Ask HN: Problems with Hacker News Site lately? - flylib

Site over the last few days has gone very slow for me and when I ever click on links for comments or next page it downloads some random file named &quot;item&quot; or &quot;x&quot; in the background and I can never get to the next page, I&#x27;m confused why this is, anyone else experiencing this?
======
flylib
I have narrowed it down to the IP address, the site works fine on the same
computer/browser on any other IP address then when I use my home IP address,
the site doesn't or barely works on any browser on my computer and doesn't
work on my iphone connected to the IP, turn off the wifi and use my LTE and
site works fine, some type of Wierd IP problem?

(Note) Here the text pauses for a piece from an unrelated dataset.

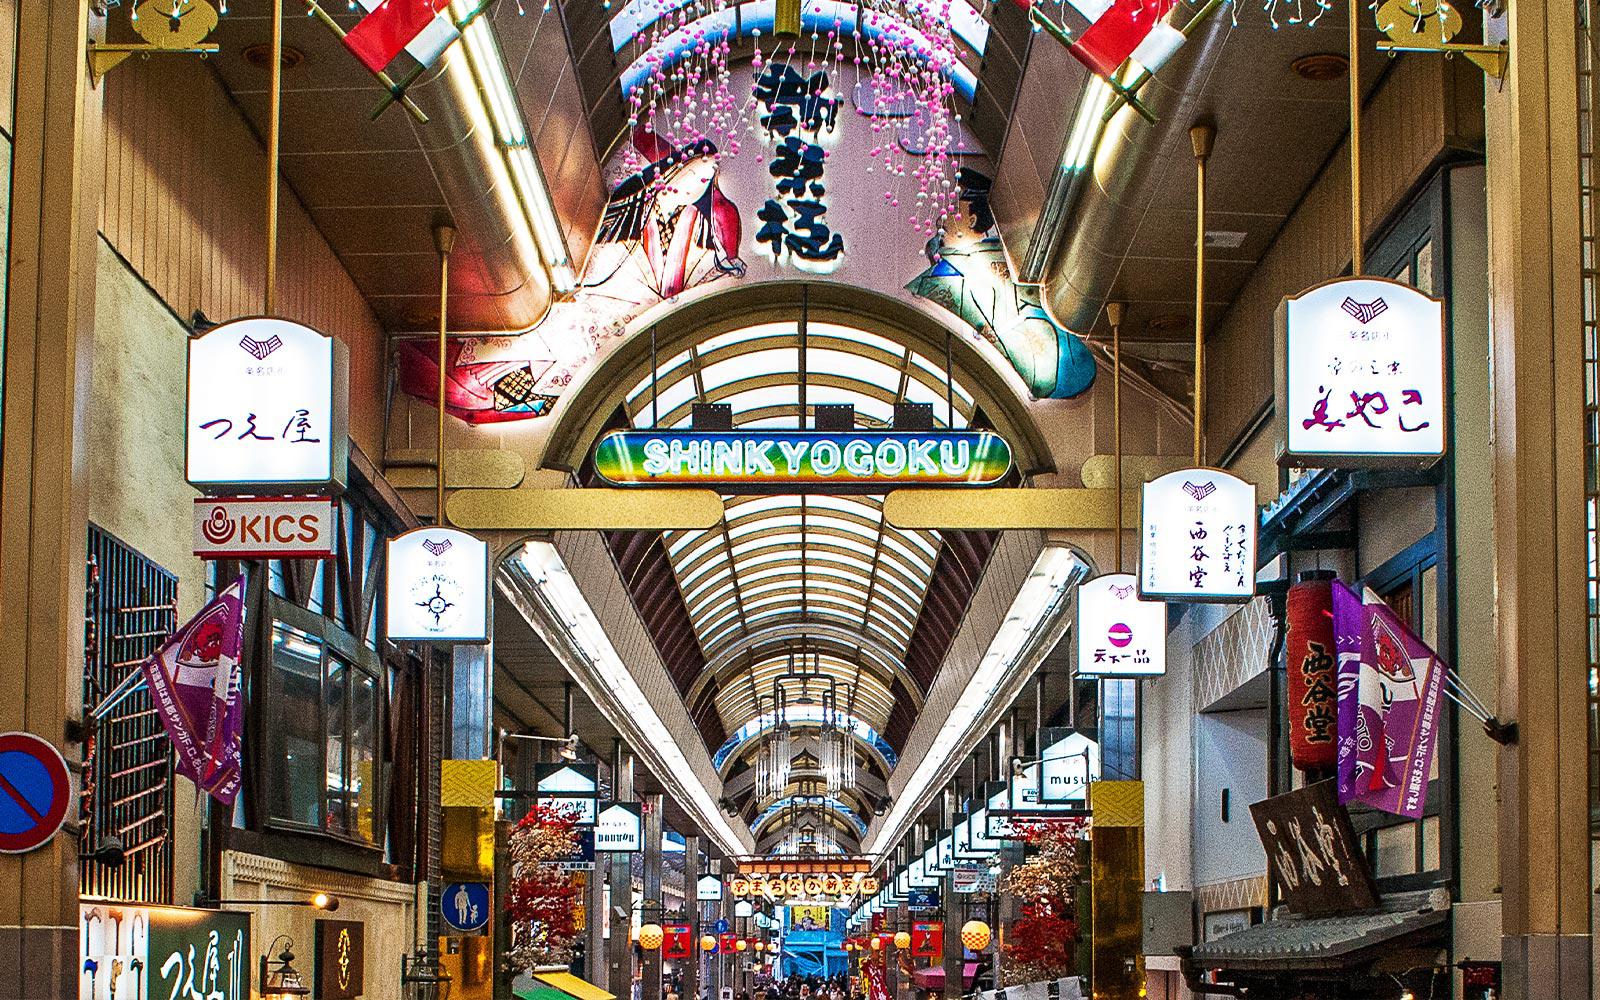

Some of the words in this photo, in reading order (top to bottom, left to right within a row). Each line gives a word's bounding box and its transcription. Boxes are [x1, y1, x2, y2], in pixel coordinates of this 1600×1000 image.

The only site I'm experiencing
problems with on my IP is this one, haven't ran into any other problems, I'm
clueless on what the issue is, maybe restart the router?

------
krapp
I would say it's maybe possibly an issue with incorrect headers being returned
to whatever browser you're using, but that's only because that's how i've
screwed up projects in the past (by ending up returning "application/octet-
stream" or something that doesn't get rendered inline.)

------
ScottWhigham
I had it time out once for me over the past few days - got a cloudflare error
back. But overall performance has been excellent for me, especially relative
to earlier this year/last year.

------
ansible
No problems here. Mostly browsing from an Android tablet.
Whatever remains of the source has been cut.